Step 1: How Much Car Can You Afford?
A rule of thumb: If you’re taking out a loan to pay for your car, your car payment shouldn’t be more than 20 percent of your take-home pay. If you’re sticking to a tight budget, you may want to spend even less. Used cars will need a little extra attention from time to time: new tires, maintenance and the like. And then there are the other ownership costs shoppers sometimes forget to account for, such as fuel and insurance.
Step 2: Build a Target List of Used Cars
It’s no secret that the Honda Accord and Toyota Camry make for good used cars. But they might cost a few thousand more than a comparable Ford Fusion or Kia Optima, even though these are good cars, too. So if you’re looking to save money, consider more than one brand.
Step 3: Check Prices
Prices are driven in part by where you’re shopping. You’ll find used cars in used-car sections of new-car dealerships, independent used-car lots, used-car retailers such as CarMax and websites where private-party sellers list their cars. Of the four, private-party cars will usually have the lowest selling price.

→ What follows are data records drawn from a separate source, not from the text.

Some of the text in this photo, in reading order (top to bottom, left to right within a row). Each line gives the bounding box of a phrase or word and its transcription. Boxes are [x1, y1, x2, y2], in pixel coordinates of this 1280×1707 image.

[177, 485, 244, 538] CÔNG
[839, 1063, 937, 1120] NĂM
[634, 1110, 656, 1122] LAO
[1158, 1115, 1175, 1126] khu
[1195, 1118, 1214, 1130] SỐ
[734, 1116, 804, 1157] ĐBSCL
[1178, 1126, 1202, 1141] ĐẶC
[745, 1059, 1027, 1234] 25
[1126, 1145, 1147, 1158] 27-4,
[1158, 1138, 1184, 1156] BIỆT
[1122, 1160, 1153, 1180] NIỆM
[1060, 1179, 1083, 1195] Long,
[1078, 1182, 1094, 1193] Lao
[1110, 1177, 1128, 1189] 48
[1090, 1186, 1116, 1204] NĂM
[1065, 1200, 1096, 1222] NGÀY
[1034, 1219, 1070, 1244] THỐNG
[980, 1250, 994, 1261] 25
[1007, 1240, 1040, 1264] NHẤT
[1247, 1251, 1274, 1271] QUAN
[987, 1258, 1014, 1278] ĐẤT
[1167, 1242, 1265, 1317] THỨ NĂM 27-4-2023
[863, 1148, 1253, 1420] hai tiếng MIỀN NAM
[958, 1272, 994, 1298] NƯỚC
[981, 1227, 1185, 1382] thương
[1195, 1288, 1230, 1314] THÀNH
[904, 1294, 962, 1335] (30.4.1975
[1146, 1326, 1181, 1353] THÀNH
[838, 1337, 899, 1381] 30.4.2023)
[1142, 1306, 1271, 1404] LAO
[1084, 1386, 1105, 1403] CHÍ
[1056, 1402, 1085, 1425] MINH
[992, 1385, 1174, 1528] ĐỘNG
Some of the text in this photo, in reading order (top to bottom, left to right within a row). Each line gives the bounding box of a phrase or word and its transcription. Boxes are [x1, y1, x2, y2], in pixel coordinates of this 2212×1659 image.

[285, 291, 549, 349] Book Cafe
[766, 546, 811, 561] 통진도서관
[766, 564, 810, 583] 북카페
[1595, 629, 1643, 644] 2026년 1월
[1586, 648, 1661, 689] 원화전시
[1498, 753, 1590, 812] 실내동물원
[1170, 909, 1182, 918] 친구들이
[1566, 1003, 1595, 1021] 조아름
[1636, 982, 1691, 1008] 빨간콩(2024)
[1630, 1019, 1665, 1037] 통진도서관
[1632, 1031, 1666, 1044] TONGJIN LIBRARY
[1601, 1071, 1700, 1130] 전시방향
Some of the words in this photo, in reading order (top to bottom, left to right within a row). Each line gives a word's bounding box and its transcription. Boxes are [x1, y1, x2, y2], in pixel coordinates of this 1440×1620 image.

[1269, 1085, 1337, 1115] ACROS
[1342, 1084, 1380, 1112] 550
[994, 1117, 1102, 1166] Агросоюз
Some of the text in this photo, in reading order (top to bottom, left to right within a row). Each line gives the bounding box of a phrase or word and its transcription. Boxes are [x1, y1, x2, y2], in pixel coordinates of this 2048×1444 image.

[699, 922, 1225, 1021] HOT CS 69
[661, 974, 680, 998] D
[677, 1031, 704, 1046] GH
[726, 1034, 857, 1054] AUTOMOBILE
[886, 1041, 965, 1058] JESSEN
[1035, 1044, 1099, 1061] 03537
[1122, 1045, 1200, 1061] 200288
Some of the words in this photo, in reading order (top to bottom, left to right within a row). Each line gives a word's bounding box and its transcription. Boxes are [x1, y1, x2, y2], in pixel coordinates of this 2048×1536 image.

Step 4: Locate Used Cars for Sale in Your Area
One easy place to start building your target list is the Edmunds used-car inventory page. To find exactly the car you want, you can filter your search by many factors including the miles on the car’s odometer, its price and features, and dealer’s distance from you.
Step 5: Check the Vehicle History Report
Unless you’re buying the car from a close friend or family member who can vouch for its history, plan to get a vehicle history report. This is an essential early step. If the car you’re looking at has a bad history report, the sooner you know the better.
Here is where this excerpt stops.